Task objective: Transcribe each entry exactly, without pictures.

═══ Records provided ═══

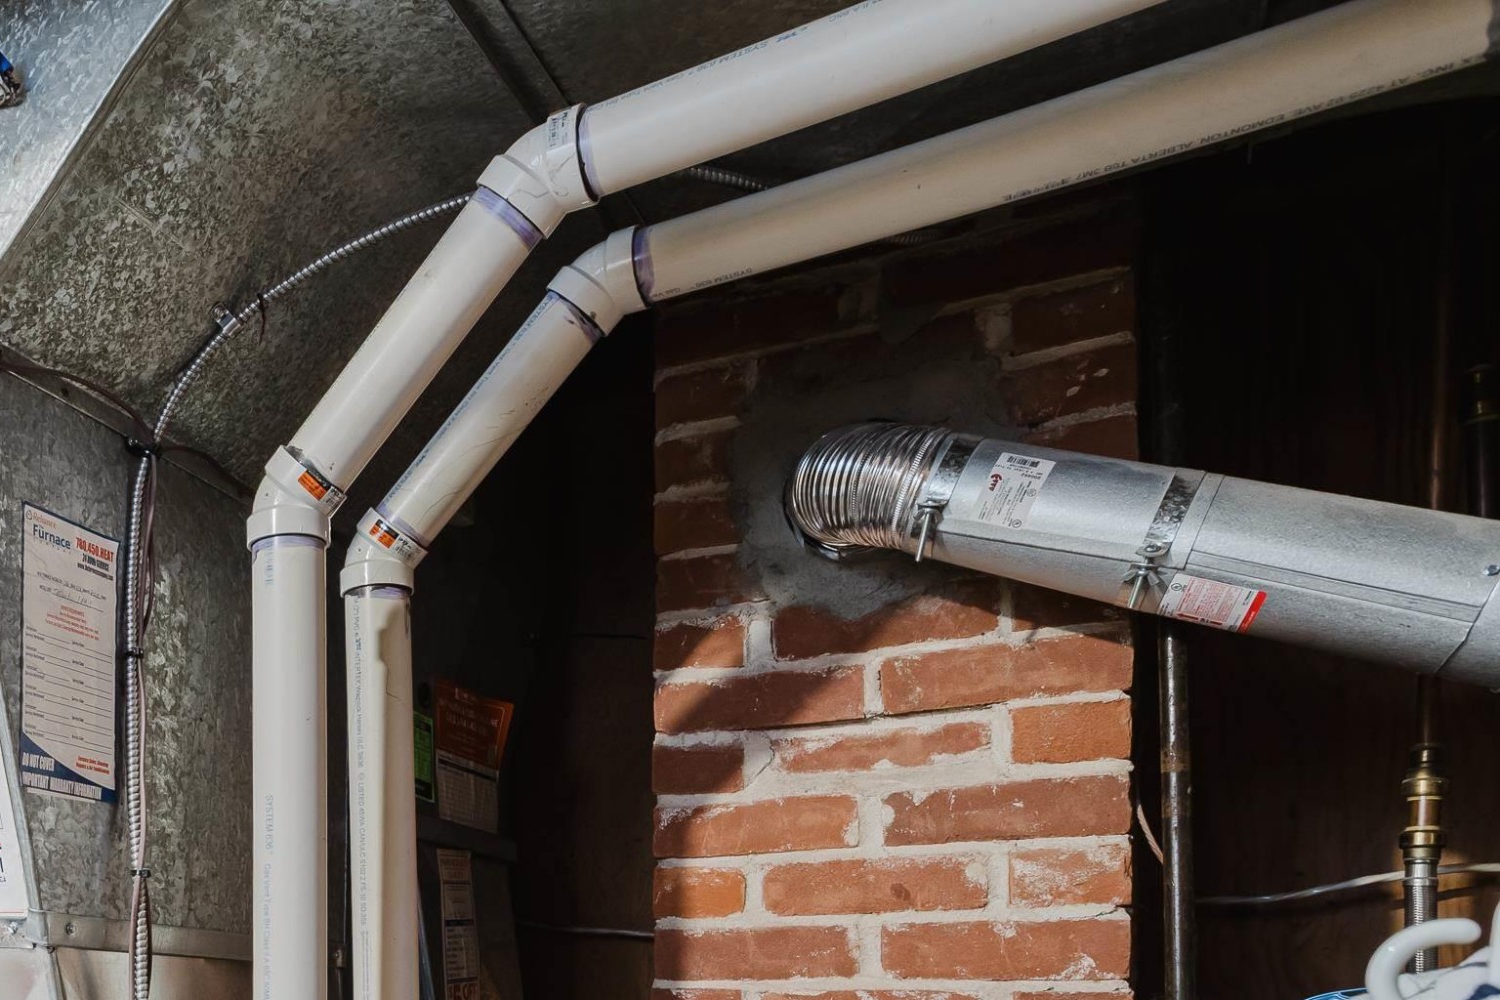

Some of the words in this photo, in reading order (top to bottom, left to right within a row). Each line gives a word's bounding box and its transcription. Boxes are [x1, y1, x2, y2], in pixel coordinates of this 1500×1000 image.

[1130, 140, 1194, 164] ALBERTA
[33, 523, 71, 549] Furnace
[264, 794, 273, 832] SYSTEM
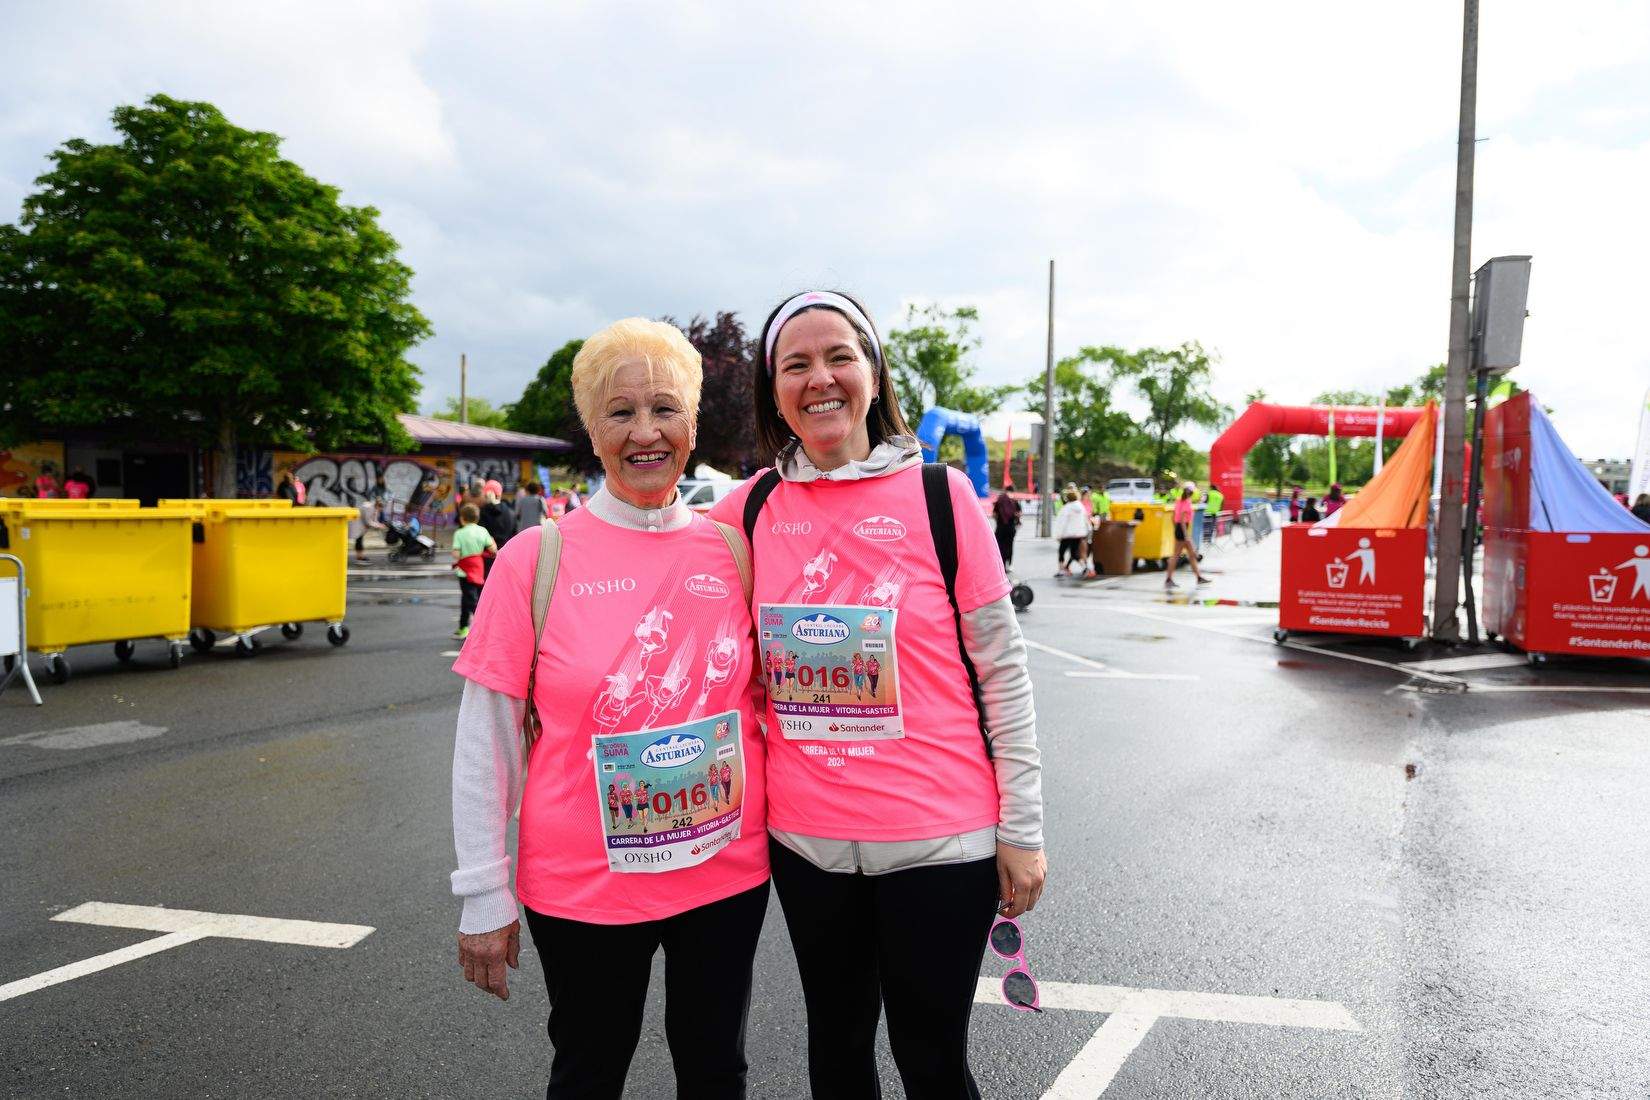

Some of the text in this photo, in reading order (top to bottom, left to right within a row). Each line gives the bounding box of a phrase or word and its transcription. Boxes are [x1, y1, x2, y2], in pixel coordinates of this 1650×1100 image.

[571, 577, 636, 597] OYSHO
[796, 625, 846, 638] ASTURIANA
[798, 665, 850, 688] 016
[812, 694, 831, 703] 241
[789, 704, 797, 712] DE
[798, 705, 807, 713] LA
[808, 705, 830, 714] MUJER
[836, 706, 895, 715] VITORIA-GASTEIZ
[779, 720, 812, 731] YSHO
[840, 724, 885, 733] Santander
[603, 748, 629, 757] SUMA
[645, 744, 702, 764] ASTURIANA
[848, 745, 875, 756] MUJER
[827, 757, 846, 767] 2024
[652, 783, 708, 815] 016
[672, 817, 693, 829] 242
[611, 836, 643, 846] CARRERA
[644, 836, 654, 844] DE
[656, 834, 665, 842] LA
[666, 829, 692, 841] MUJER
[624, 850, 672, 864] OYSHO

═══

Answer to the exercise:
Some of the words in this photo, in reading order (top to bottom, left to right within a row). Each line gives a word's bounding box and its transcription. Boxes are [x1, y1, x2, y2], in pixel coordinates of this 1500×1000 image.

[1130, 140, 1194, 164] ALBERTA
[33, 523, 71, 549] Furnace
[264, 794, 273, 832] SYSTEM

Some of the text in this photo, in reading order (top to bottom, left to right within a row). Each line gives the bounding box of a phrase or word and its transcription. Boxes are [x1, y1, x2, y2], in pixel coordinates of this 1650×1100 image.

[571, 577, 636, 597] OYSHO
[796, 625, 846, 638] ASTURIANA
[798, 665, 850, 688] 016
[812, 694, 831, 703] 241
[789, 704, 797, 712] DE
[798, 705, 807, 713] LA
[808, 705, 830, 714] MUJER
[836, 706, 895, 715] VITORIA-GASTEIZ
[779, 720, 812, 731] YSHO
[840, 724, 885, 733] Santander
[603, 748, 629, 757] SUMA
[645, 744, 702, 764] ASTURIANA
[848, 745, 875, 756] MUJER
[827, 757, 846, 767] 2024
[652, 783, 708, 815] 016
[672, 817, 693, 829] 242
[611, 836, 643, 846] CARRERA
[644, 836, 654, 844] DE
[656, 834, 665, 842] LA
[666, 829, 692, 841] MUJER
[624, 850, 672, 864] OYSHO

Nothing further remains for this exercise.